In this study, 102 euthymic patients with bipolar disorder were screened for presence of adult ADHD. Sociodemographic data, clinical data, other comorbid disorders, disability, and quality of life were assessed in patients with bipolar disorder with adult ADHD and compared with patients without adult ADHD to determine the effect of presence of adult ADHD in clinical characteristics and outcomes of BD.

Frequency of attention-deficit hyperactivity disorder ([Table 2])

In the current study, 22 (21.6%) patients with bipolar disorder had adult ADHD. Moreover, 15.7% of the patients had childhood ADHD that did not persist into adulthood, whereas 62.7% of patients had pure BD without ADHD. These frequencies of ADHD were in line with previous studies. The frequency of adult ADHD varied across the studies: 23.3% (Karaahmet et al., 2013), 21.7% (Perroud et al., 2014), 19.8% (Perugi et al., 2013), 17.6% (McIntyre et al., 2010), 16.4% (Ryden et al., 2009), 16.3% (Tamam et al., 2008), and 10.5% (Torres et al., 2015).

The thorough methodology used to diagnose a concurrent ADHD with BD in previous studies may be a reason for this variance of prevalence of ADHD among the studies.

Regarding disability ([Table 3] and [Table 4])

Clinical research has widely demonstrated that BD may present functional impairment at some point or permanently during the course of the illness (Bonnín et al., 2014). However, in ADHD, the research on functioning is a relatively immature area, especially in adult populations, and even fewer in patients with comorbid BD+ADHD (Torres et al., 2017).

Regarding disability, patients with comorbid adult and childhood ADHD had more disability in work, social life, and family life than patients with bipolar disorder without ADHD. This finding is in consistent with previous reports (Nierenberg et al., 2005; Biederman and Faraone, 2006; Garcia et al., 2012).

Nierenberg et al. (2005) showed that patients with bipolar disorder with adult ADHD presented poorer functioning evaluated by means of the Global Assessment of Functioning compared with patients with bipolar disorder without ADHD.

Koc and Kesebir (2014) found that global functioning of patients with pure BD was higher than patients with comorbid ADHD, which indicates that the presence of ADHD comorbidity affects functioning negatively.

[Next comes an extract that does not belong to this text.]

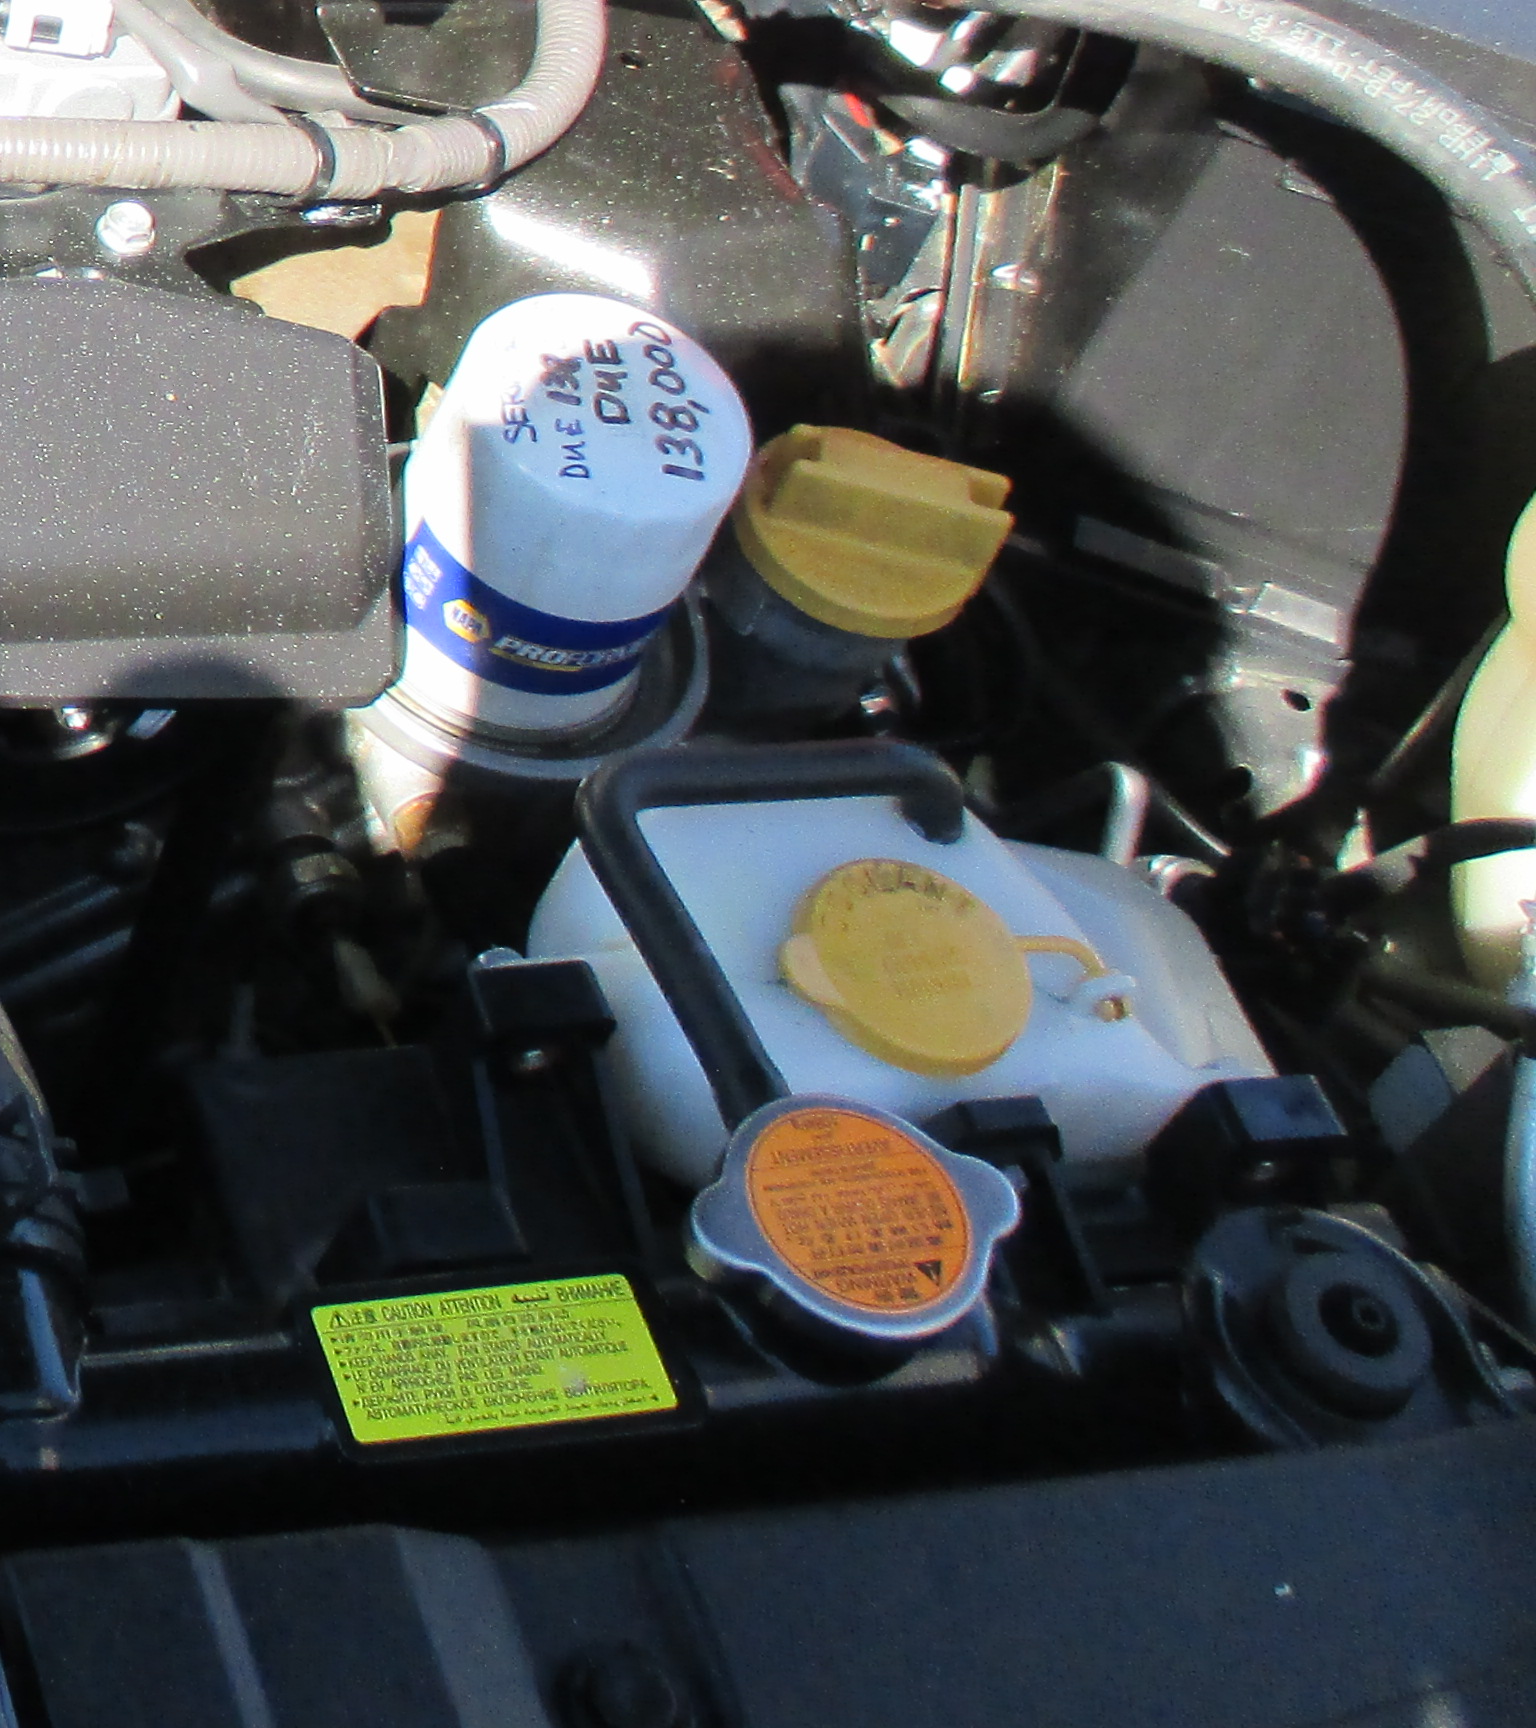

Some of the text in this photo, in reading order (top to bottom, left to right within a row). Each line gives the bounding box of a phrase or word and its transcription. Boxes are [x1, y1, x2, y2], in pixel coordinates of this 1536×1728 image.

Increased numbers of episodes and severity, which are caused by the presence of comorbid ADHD, with presence of other comorbidities may cause deterioration in functioning in BD cases (Sanchez-Moreno et al., 2009).

Peurgi et al. (2013) found that patients with BD with and without ADHD had similar impairment in global, work, and social functioning, whereas ADHD-positive patients were significantly more impaired in familial adjustment than ADHD-negative patients. Wang et al. (2017) reported that severity of the comorbid BD and ADHD was associated with poor family environment, such as lower socioeconomic state, poor familial emotional support, and low satisfaction with familial relationships. Because this study used a cross-sectional design, it could not determine any causal relationship between increased comorbidity and poor family environment. One explanation is that poor socio-environmental factors might lead to higher rates of this comorbidity. Another is that experiencing the comorbid condition might cause people to regard their socio-environmental state as poor. A third is that psychiatric problems in family members might worsen people’s socio-environmental status (Wang et al., 2017).

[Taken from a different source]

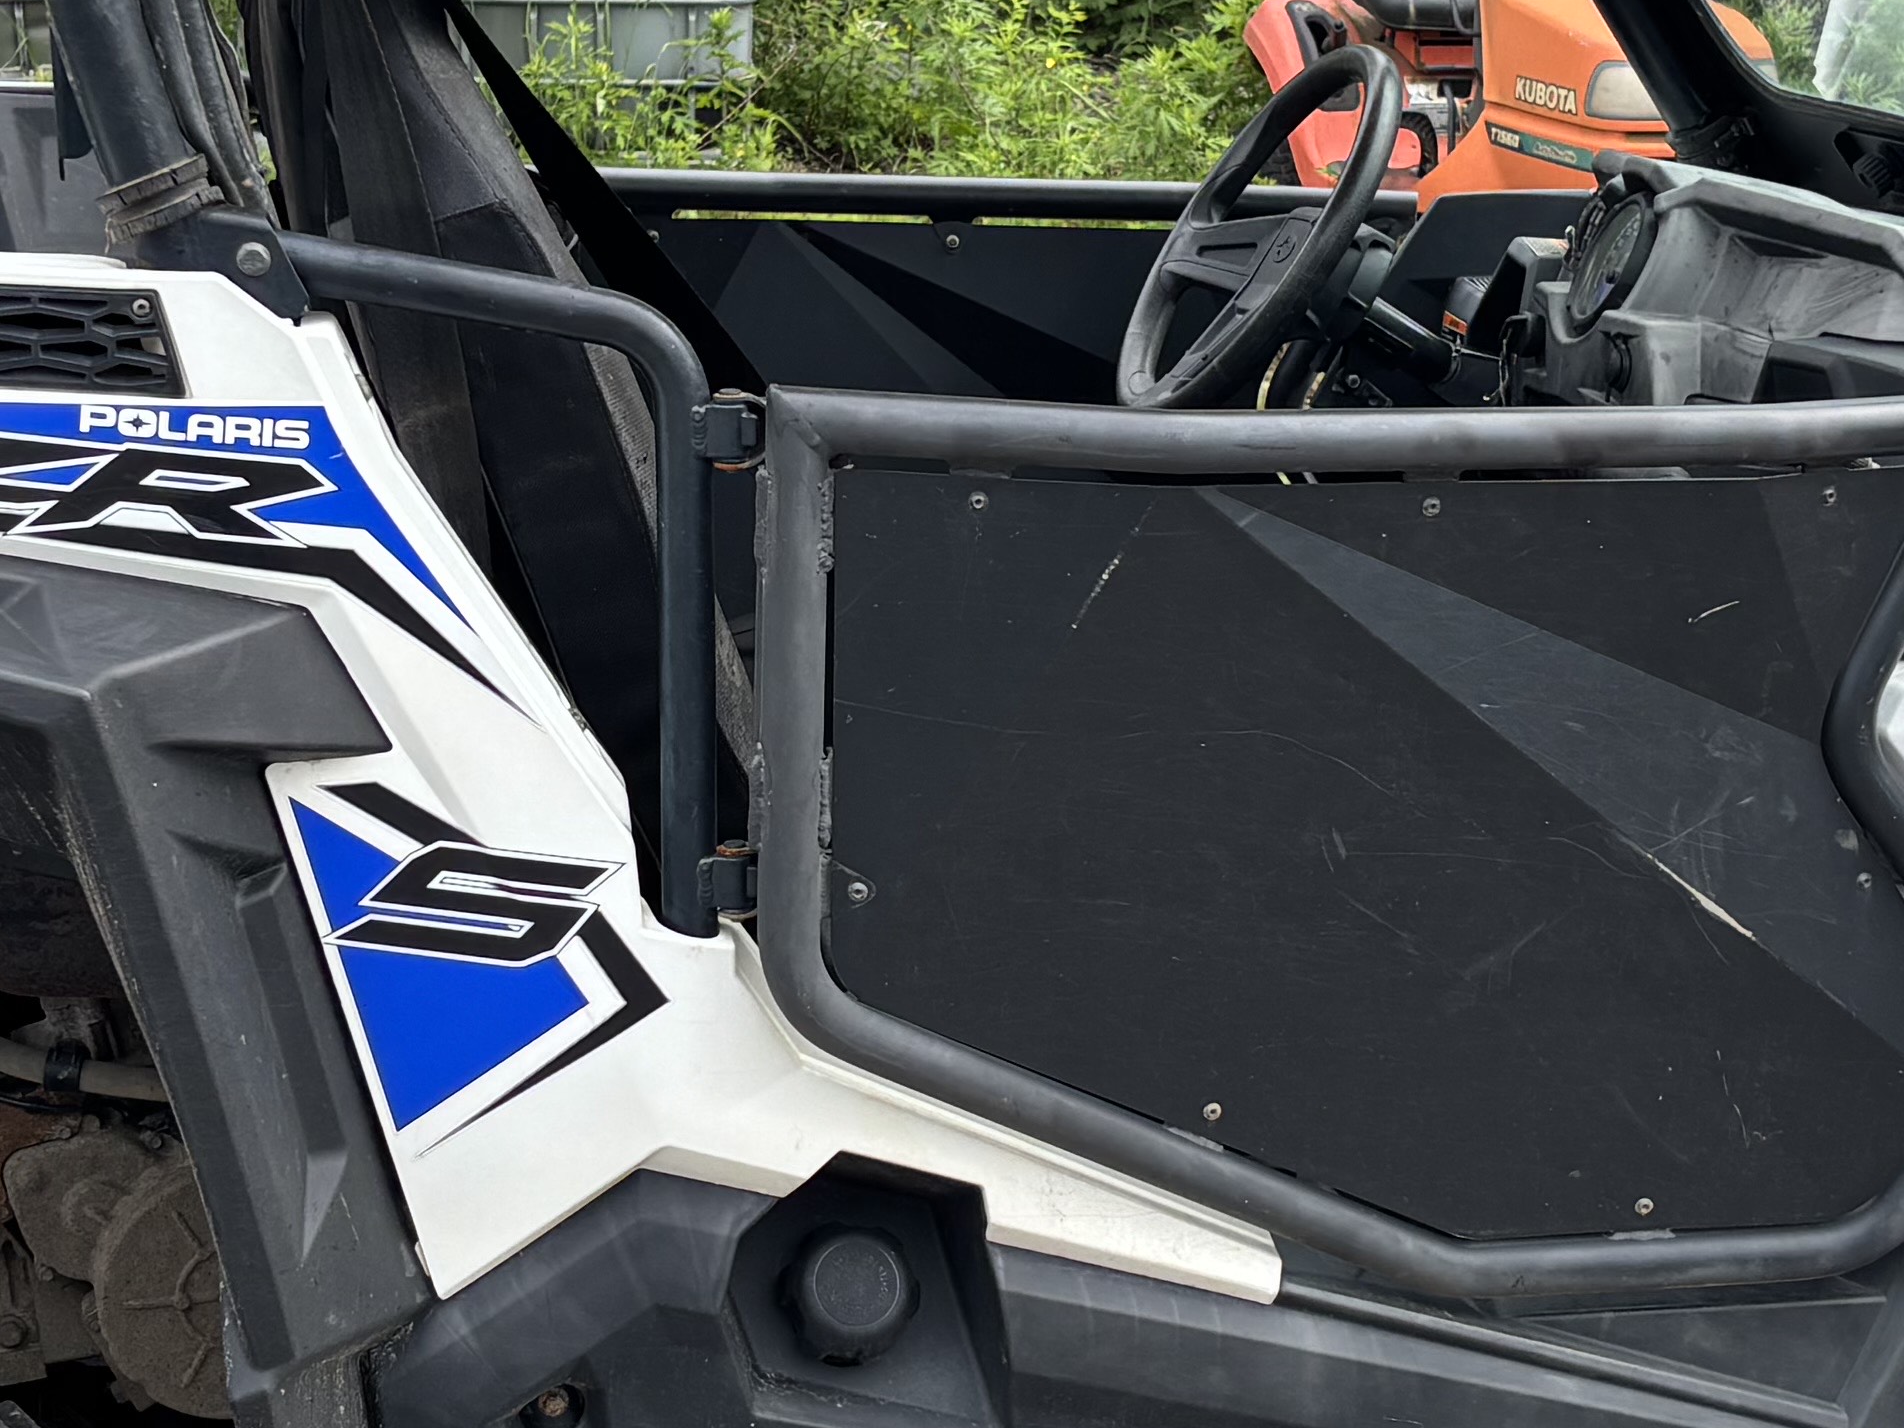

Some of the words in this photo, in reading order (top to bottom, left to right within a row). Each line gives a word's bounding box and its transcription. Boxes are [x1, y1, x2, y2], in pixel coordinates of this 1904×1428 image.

At this study, there was no statistical significant difference regarding disability between patients with comorbid adult ADHD and patients with comorbid childhood-only ADHD.

Regarding quality of life ([Table 5] and [Table 6])

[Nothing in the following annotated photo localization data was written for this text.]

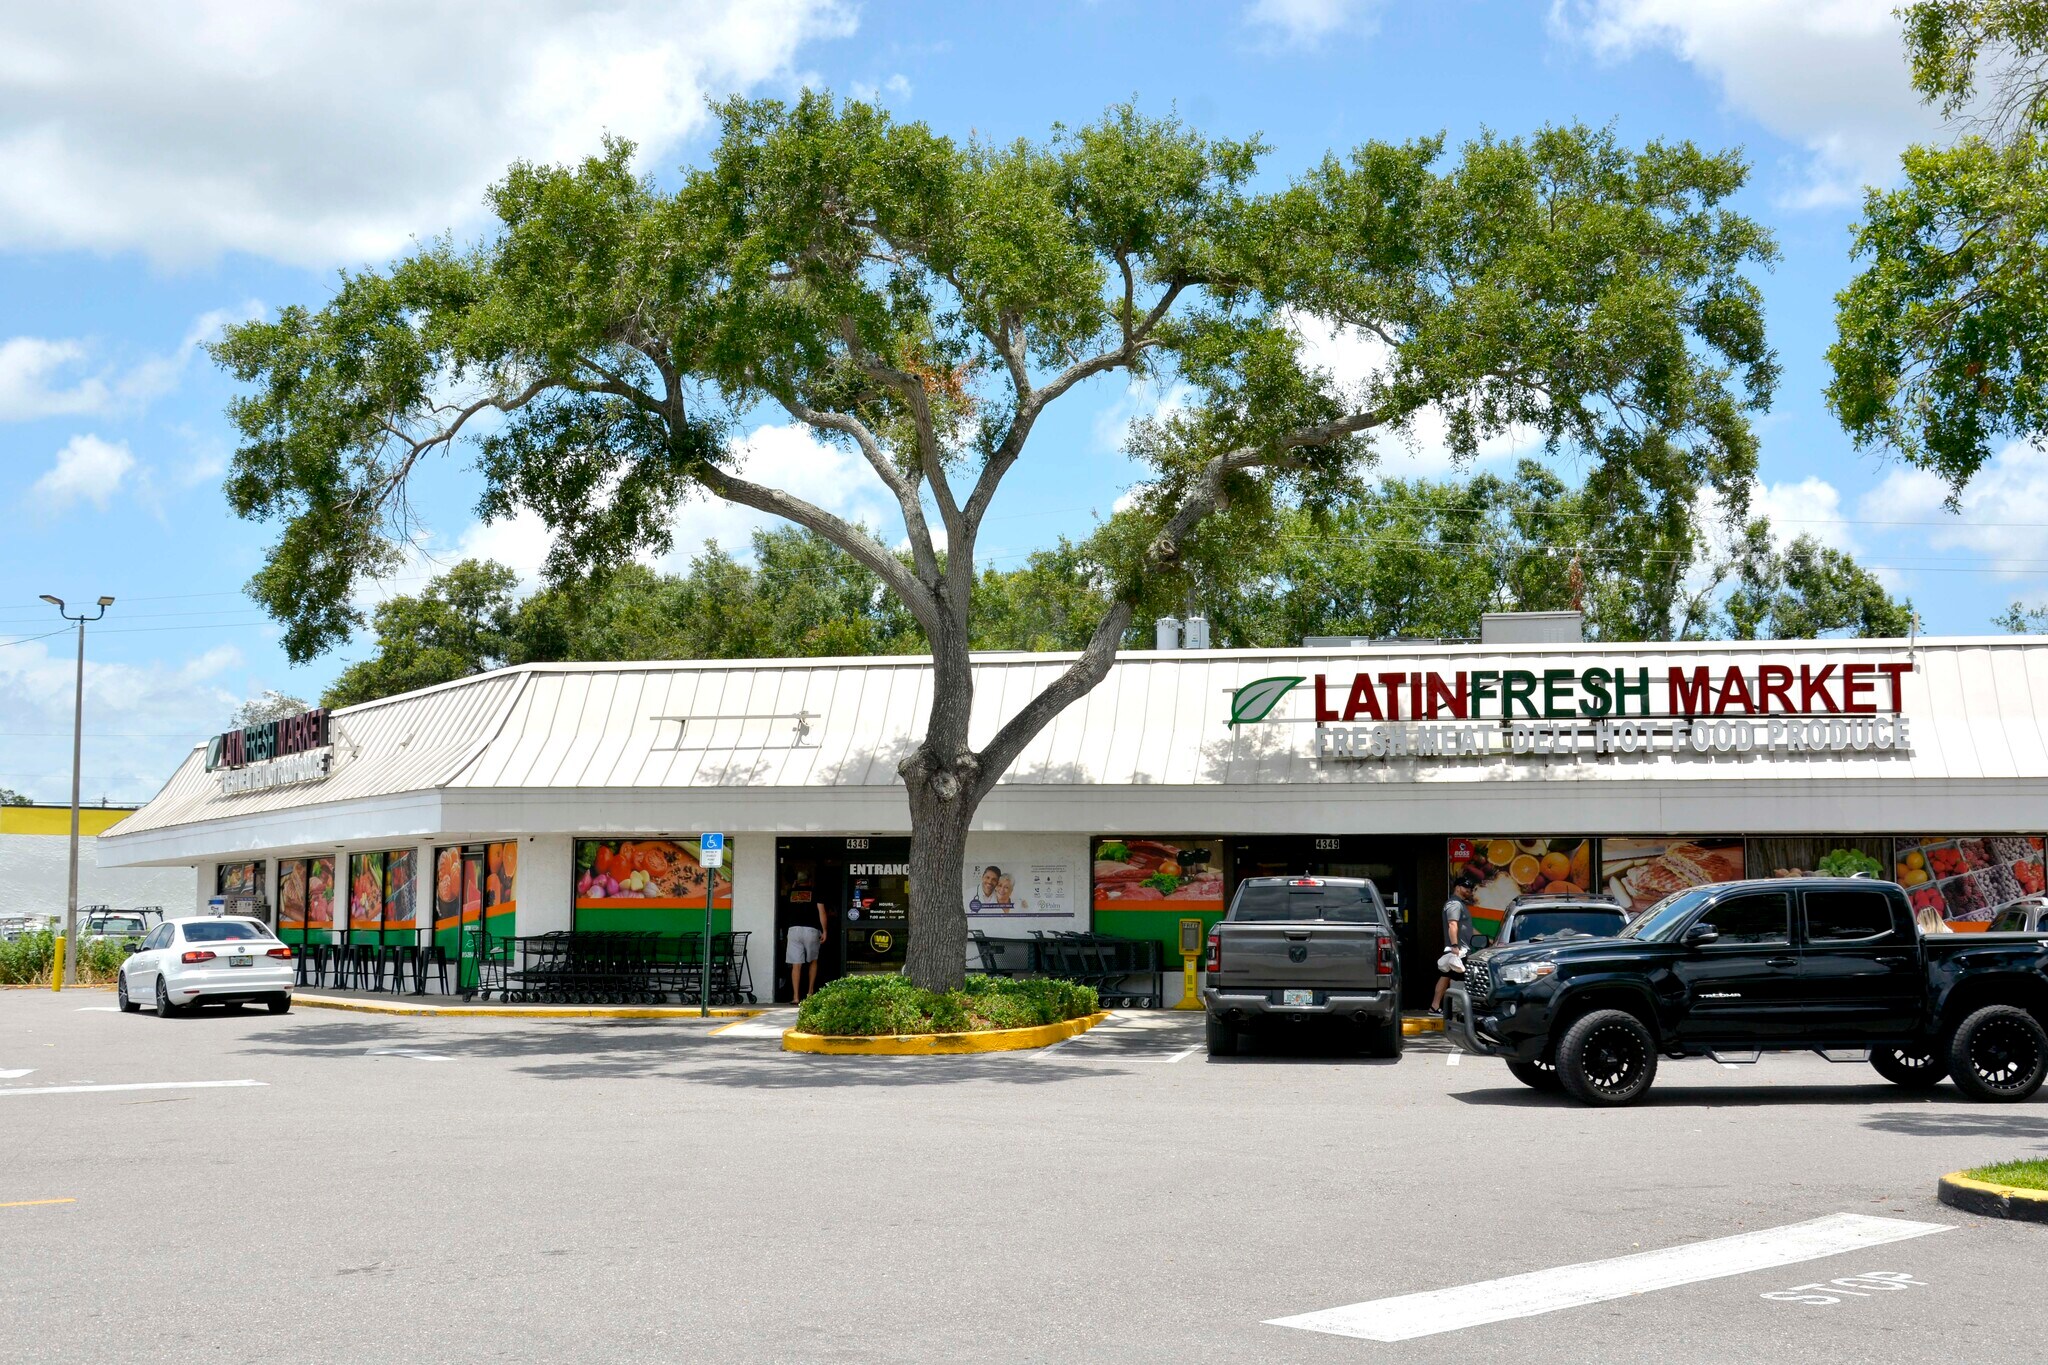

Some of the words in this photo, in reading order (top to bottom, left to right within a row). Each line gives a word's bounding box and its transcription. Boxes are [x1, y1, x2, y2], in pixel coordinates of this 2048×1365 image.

[1668, 663, 1913, 715] MARKET
[277, 709, 328, 755] MARKET
[1315, 726, 1407, 757] FRESH
[1418, 724, 1494, 756] MEAT
[1512, 722, 1579, 754] DELI
[1596, 720, 1658, 753] HOT
[1672, 719, 1754, 752] FOOD
[1767, 716, 1911, 751] PRODUCE
[847, 839, 868, 849] 4349
[1316, 839, 1339, 849] 4349
[850, 864, 910, 875] ENTRANC
[1760, 1271, 1928, 1304] STOP

This study found that patients with bipolar disorder without comorbid ADHD had better quality of life, which is reflected in higher scores of WHO quality-of-life scale than patients with comorbid adult and childhood ADHD. Nierenberg et al. (2005) also showed that patients with BD and ADHD had lower quality of life compared with patients without ADHD.

Koc and Kesebir (2014) found that patients with pure BD had higher scores in all domains of life quality (social, physical health, environmental, and psychological) than patients with comorbid ADHD. These findings suggested that ADHD comorbidity negatively affects quality of life in patients with BD.

At this study, it was found that the group of patients with bipolar disorder with childhood-only ADHD had poorer quality of life than patients with pure BD, but they did not differed significantly from those patients with adult ADHD.


  Conclusion Top


  1. Adult ADHD is a frequent comorbid disorder in patients with BD.
    1. Comorbid adult ADHD in patients with BD is associated with earlier age of onset, longer duration of illness, more mood episodes, more frequent psychotic features during mood episodes, noncompliance to medications, more times of hospitalization, and more suicidal attempts.
    2. Adult ADHD comorbidity negatively affect functioning and quality of life of patients with BD.
[34]

Financial support and sponsorship

Nil.

Conflicts of interest

There are no conflicts of interest.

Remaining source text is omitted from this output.